• WHAT NEEDS TO BE DONE
Make an exact copy of the lines from the one holding "Some of the words" through the end of the entries below, both ends kept, and of nothing else. Exclude pictures.
*** Begin section ***
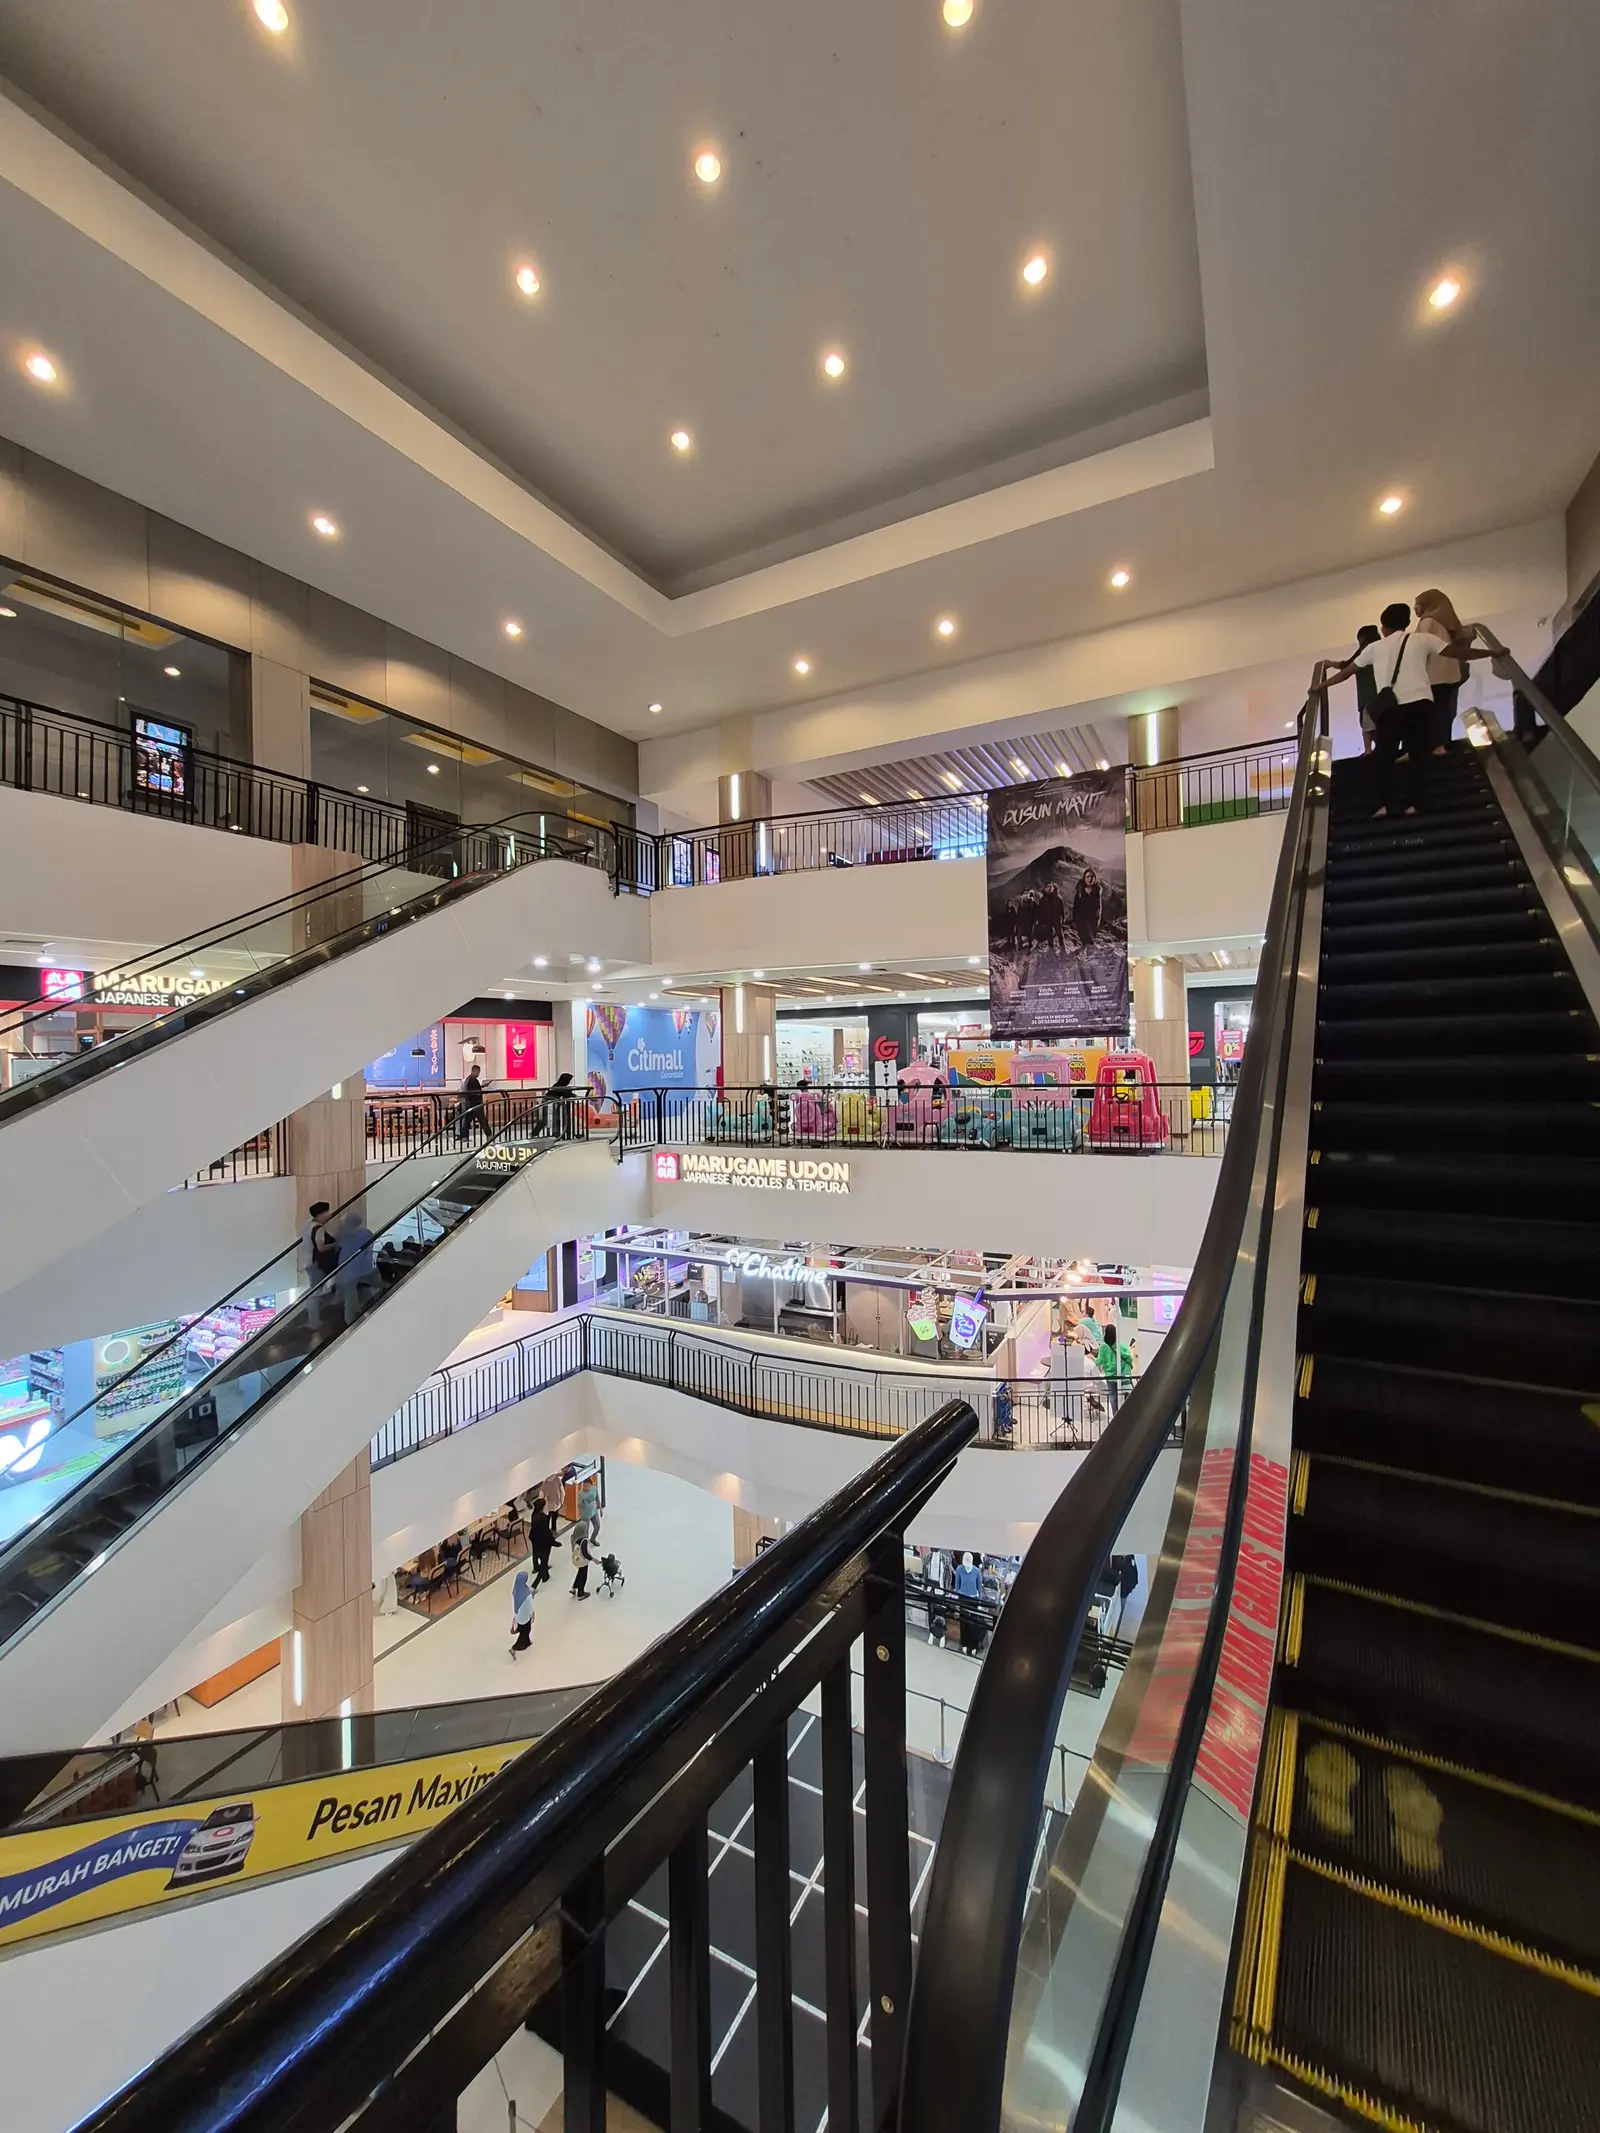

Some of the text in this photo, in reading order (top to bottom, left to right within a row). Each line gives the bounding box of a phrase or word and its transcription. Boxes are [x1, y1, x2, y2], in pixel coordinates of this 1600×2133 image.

[1002, 802, 1053, 827] DUSUN
[1056, 791, 1107, 817] MAYIT
[95, 991, 169, 1007] JAPANESE
[627, 1047, 684, 1072] Citimall
[682, 1154, 788, 1178] MARUGAME
[790, 1160, 850, 1181] UDON
[683, 1172, 850, 1194] JAPANESE NOODLES & TEMPURA
[742, 1253, 828, 1282] Chatime
[1242, 1452, 1288, 1552] KUNING
[1231, 1542, 1284, 1630] GARIS
[306, 1792, 403, 1841] Pesan
[0, 1836, 181, 1916] MURAH BANGET!
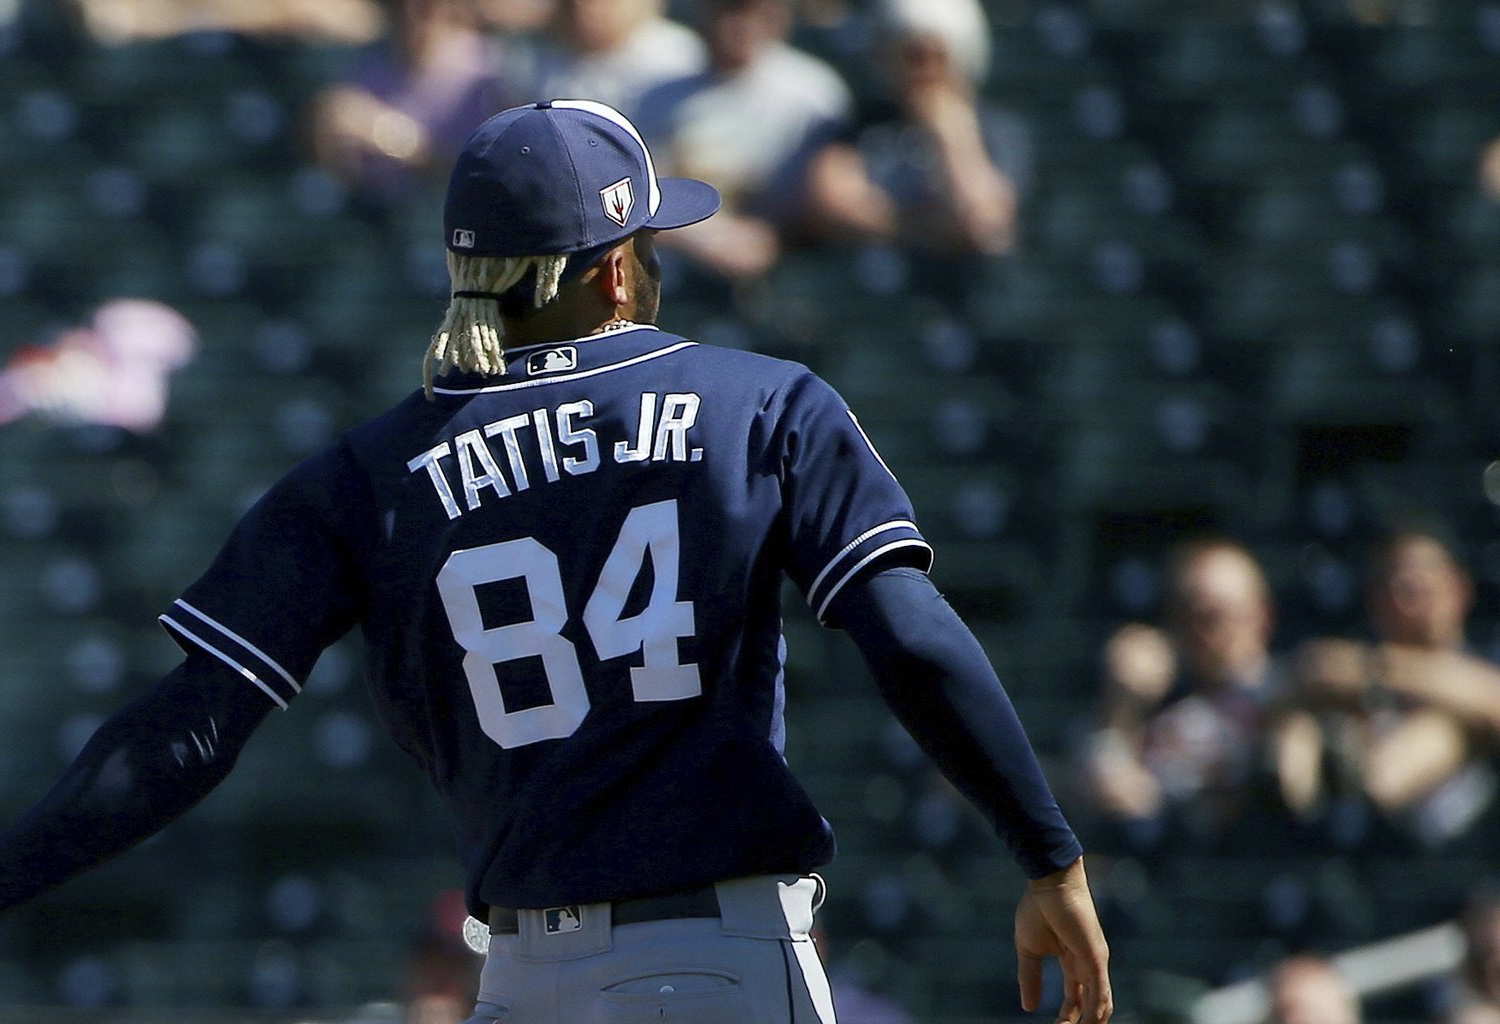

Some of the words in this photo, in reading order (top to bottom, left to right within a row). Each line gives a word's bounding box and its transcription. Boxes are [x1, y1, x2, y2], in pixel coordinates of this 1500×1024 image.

[407, 399, 600, 520] TATIS
[614, 392, 704, 464] JR.
[436, 499, 702, 750] 84
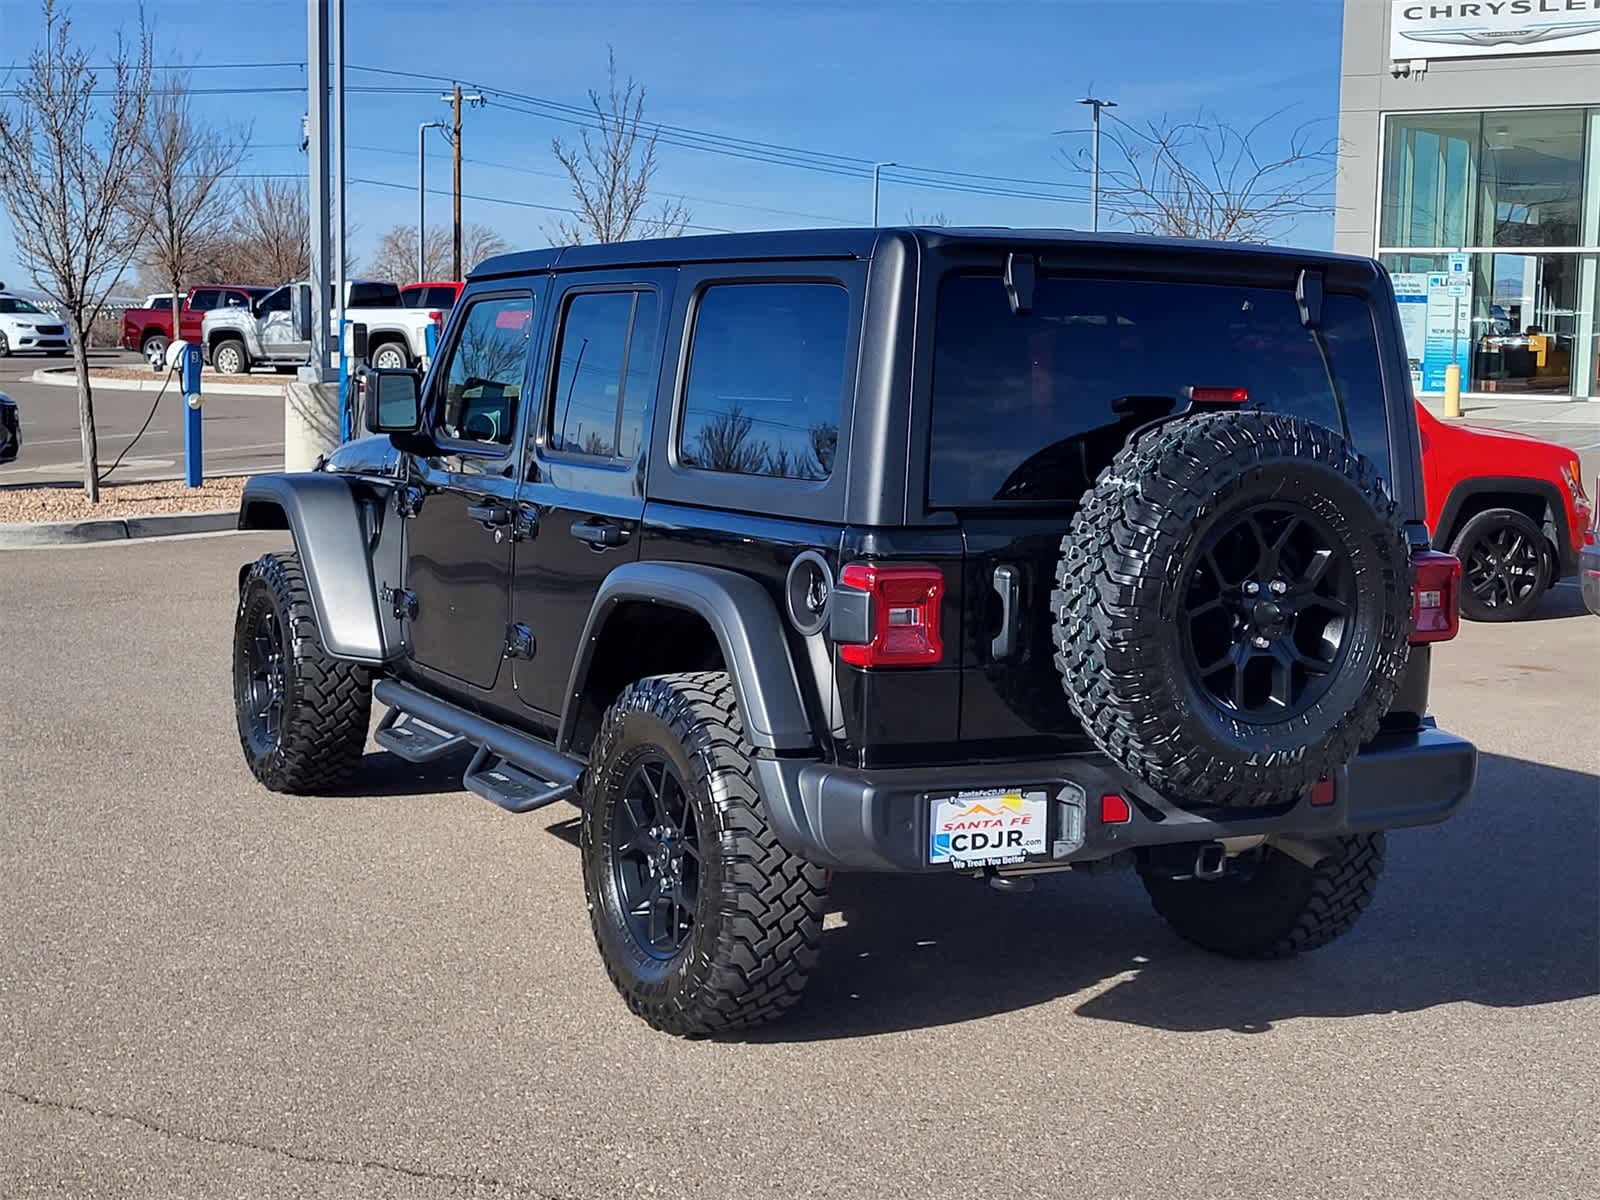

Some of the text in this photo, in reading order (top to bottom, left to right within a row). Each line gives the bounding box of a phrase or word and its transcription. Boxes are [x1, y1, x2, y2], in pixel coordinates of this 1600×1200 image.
*** End section ***
• ANSWER BOX
Some of the words in this photo, in reading order (top to bottom, left to right within a row). Each line gives a word's bounding box and its transcription. Boxes are [x1, y1, x2, y2], in pixel coordinates of this 1500×1024 image.

[407, 399, 600, 520] TATIS
[614, 392, 704, 464] JR.
[436, 499, 702, 750] 84

Some of the text in this photo, in reading order (top to bottom, left to right within a row). Each line gives the bounding box of a phrase or word and its transcription. Boxes are [x1, y1, x2, y2], in pixel coordinates of this 1600×1200 image.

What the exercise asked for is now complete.